[EXCERPTED RECORDS — start]
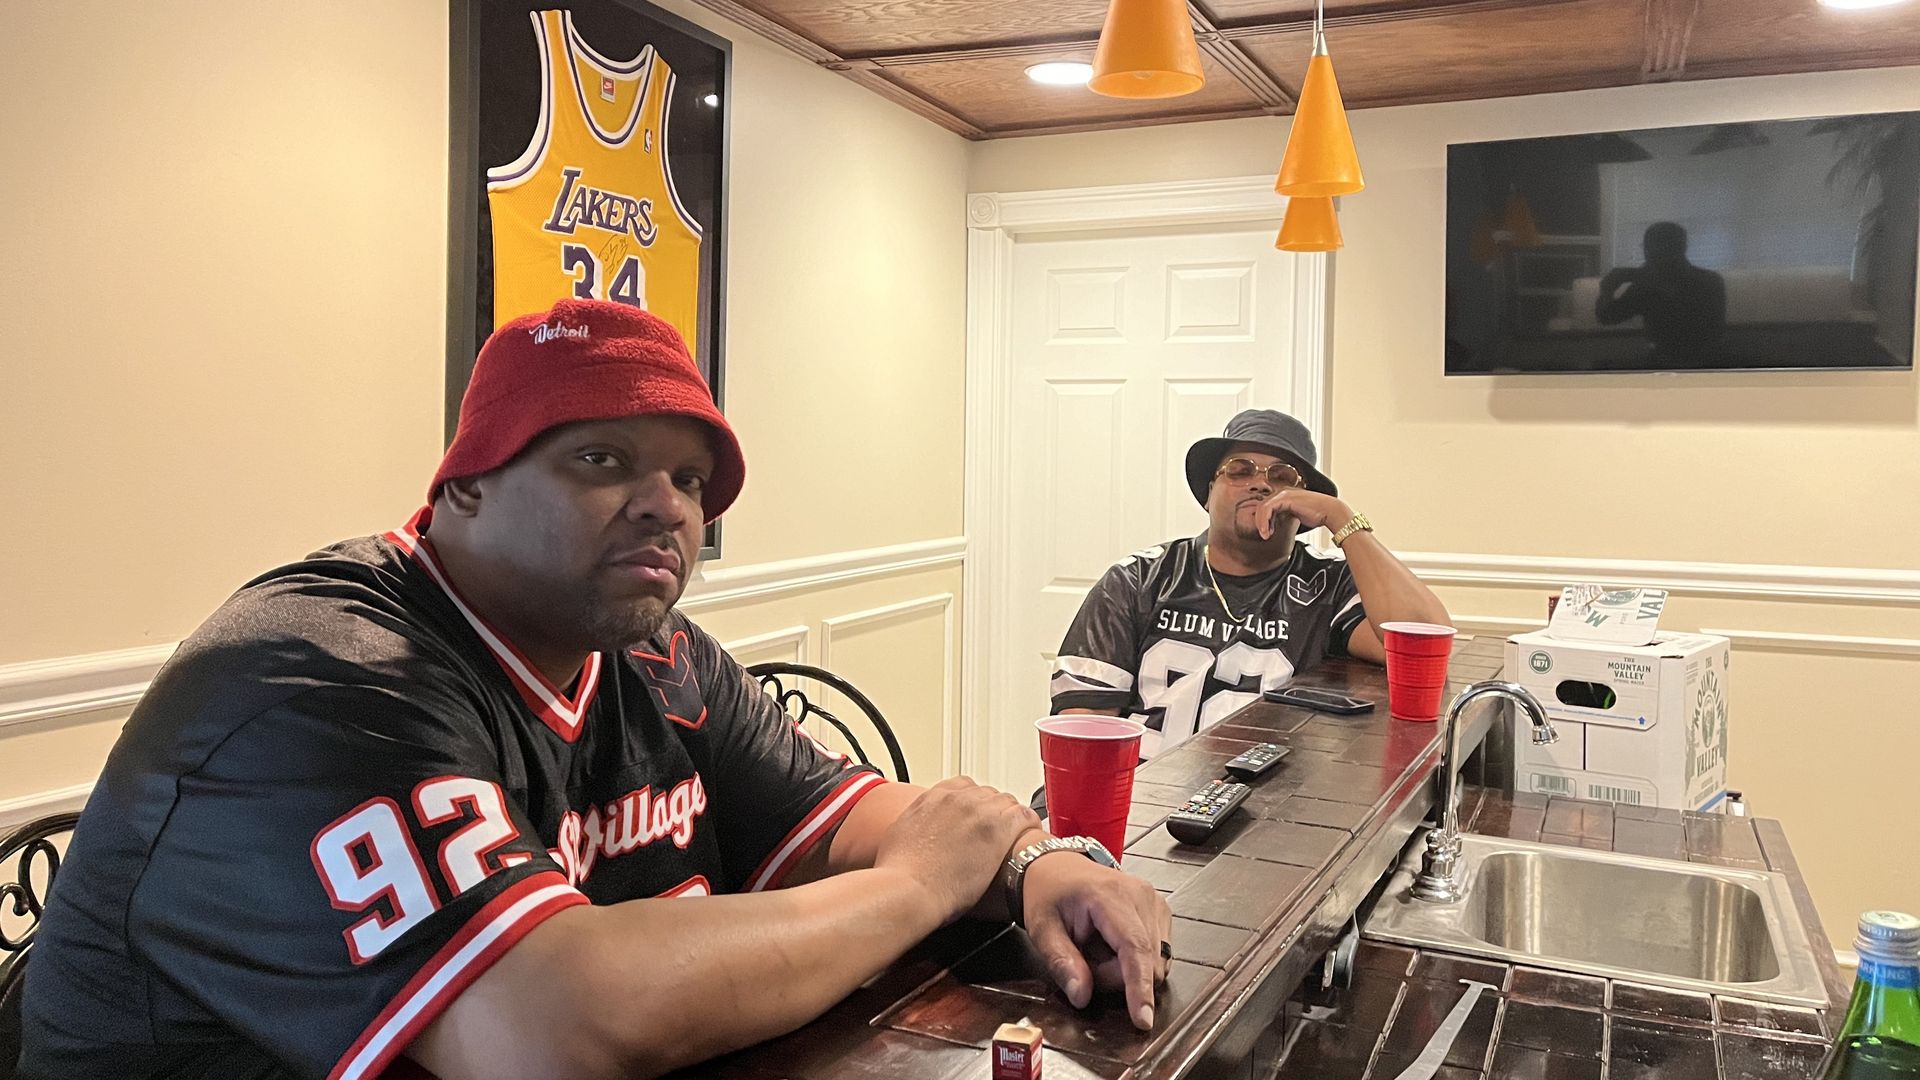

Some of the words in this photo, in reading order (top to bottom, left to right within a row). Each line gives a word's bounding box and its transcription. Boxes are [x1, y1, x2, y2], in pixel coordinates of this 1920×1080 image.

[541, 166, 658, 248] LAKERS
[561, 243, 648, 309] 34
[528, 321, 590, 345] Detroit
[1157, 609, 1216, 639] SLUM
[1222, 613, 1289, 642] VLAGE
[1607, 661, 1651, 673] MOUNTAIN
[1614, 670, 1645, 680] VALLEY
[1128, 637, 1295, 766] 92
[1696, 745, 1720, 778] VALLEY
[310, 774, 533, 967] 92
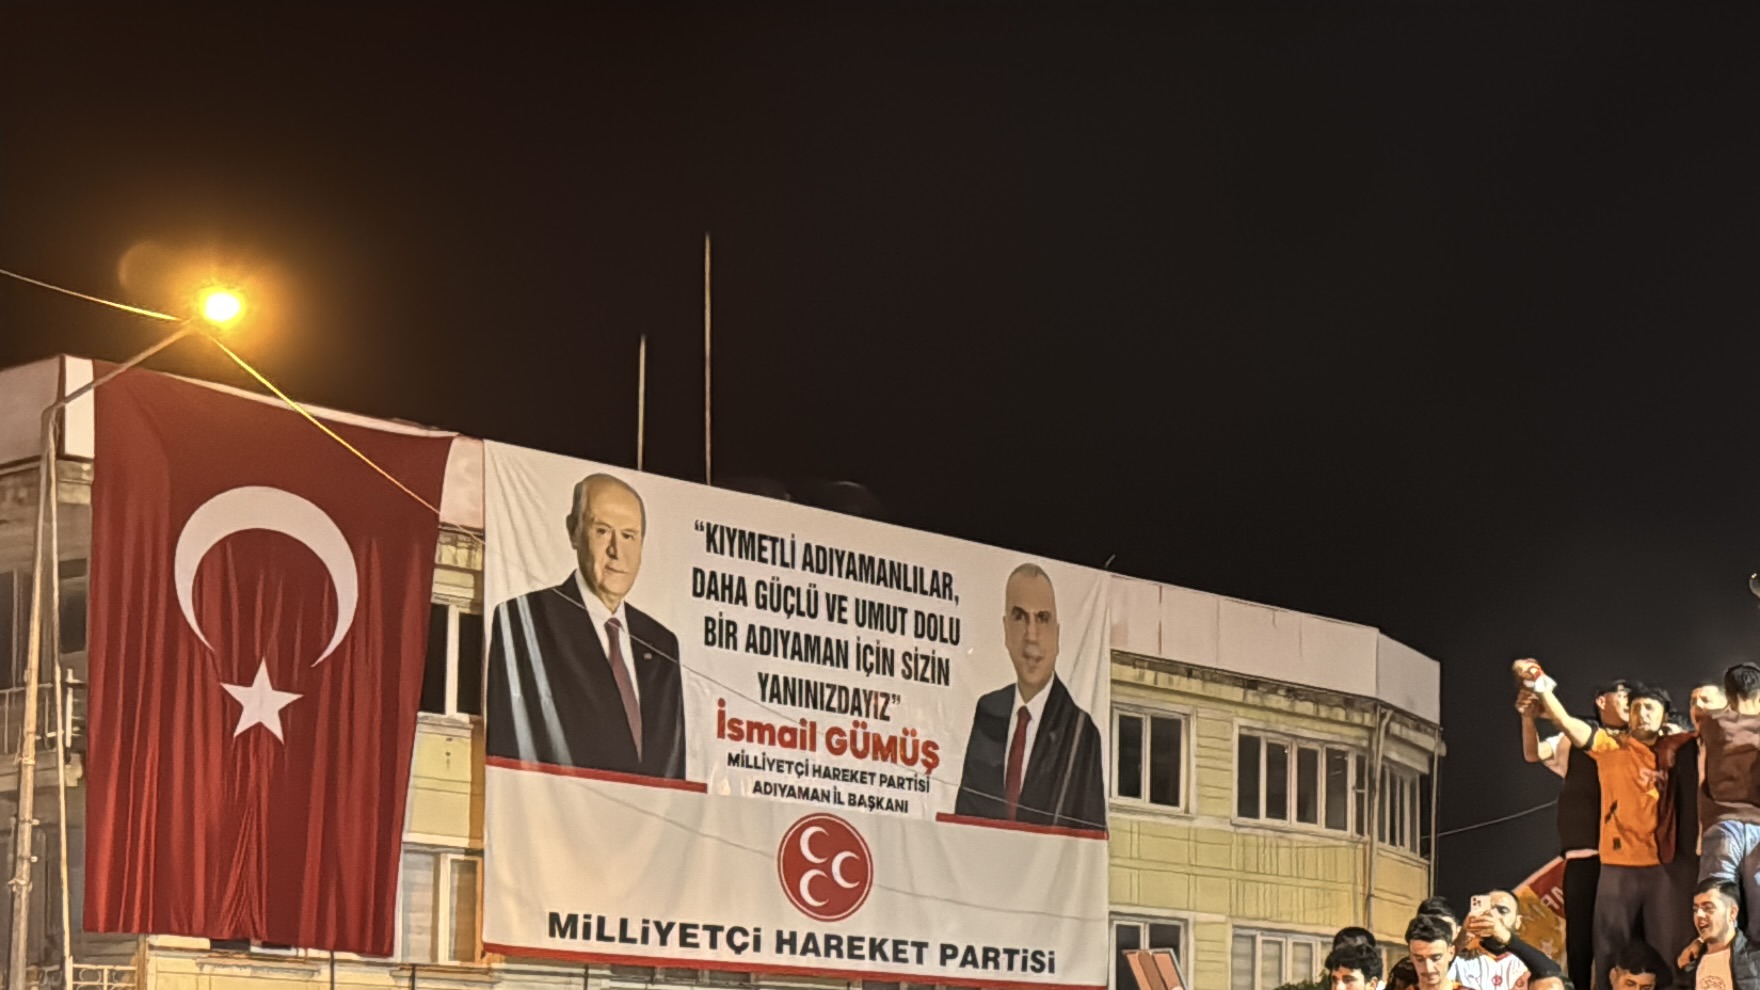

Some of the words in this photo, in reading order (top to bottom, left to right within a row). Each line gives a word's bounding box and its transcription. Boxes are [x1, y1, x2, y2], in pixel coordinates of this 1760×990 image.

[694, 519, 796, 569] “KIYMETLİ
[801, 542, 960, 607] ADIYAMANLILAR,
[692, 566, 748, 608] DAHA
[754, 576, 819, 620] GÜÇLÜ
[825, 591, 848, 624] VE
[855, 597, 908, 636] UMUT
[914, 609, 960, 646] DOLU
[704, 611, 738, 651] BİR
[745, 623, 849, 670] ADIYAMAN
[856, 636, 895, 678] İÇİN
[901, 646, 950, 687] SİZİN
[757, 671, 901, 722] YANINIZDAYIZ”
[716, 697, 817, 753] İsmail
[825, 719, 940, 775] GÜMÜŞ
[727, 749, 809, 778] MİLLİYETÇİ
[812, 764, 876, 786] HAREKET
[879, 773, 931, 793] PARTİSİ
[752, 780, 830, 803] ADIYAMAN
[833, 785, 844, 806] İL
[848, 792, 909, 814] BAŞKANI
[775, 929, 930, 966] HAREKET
[EXCERPTED RECORDS — finish]
WHAT IS BEING ASKED ▸ Each line of the listing is to be retyped exactly, and its pictures are to be dropped.

ANSWER SECTION ▸
Some of the words in this photo, in reading order (top to bottom, left to right within a row). Each line gives a word's bounding box and its transcription. Boxes are [x1, y1, x2, y2], in pixel coordinates of this 1920×1080 image.

[541, 166, 658, 248] LAKERS
[561, 243, 648, 309] 34
[528, 321, 590, 345] Detroit
[1157, 609, 1216, 639] SLUM
[1222, 613, 1289, 642] VLAGE
[1607, 661, 1651, 673] MOUNTAIN
[1614, 670, 1645, 680] VALLEY
[1128, 637, 1295, 766] 92
[1696, 745, 1720, 778] VALLEY
[310, 774, 533, 967] 92

Some of the words in this photo, in reading order (top to bottom, left to right within a row). Each line gives a word's bounding box and its transcription. Boxes are [x1, y1, x2, y2], in pixel coordinates of this 1760×990 image.

[694, 519, 796, 569] “KIYMETLİ
[801, 542, 960, 607] ADIYAMANLILAR,
[692, 566, 748, 608] DAHA
[754, 576, 819, 620] GÜÇLÜ
[825, 591, 848, 624] VE
[855, 597, 908, 636] UMUT
[914, 609, 960, 646] DOLU
[704, 611, 738, 651] BİR
[745, 623, 849, 670] ADIYAMAN
[856, 636, 895, 678] İÇİN
[901, 646, 950, 687] SİZİN
[757, 671, 901, 722] YANINIZDAYIZ”
[716, 697, 817, 753] İsmail
[825, 719, 940, 775] GÜMÜŞ
[727, 749, 809, 778] MİLLİYETÇİ
[812, 764, 876, 786] HAREKET
[879, 773, 931, 793] PARTİSİ
[752, 780, 830, 803] ADIYAMAN
[833, 785, 844, 806] İL
[848, 792, 909, 814] BAŞKANI
[775, 929, 930, 966] HAREKET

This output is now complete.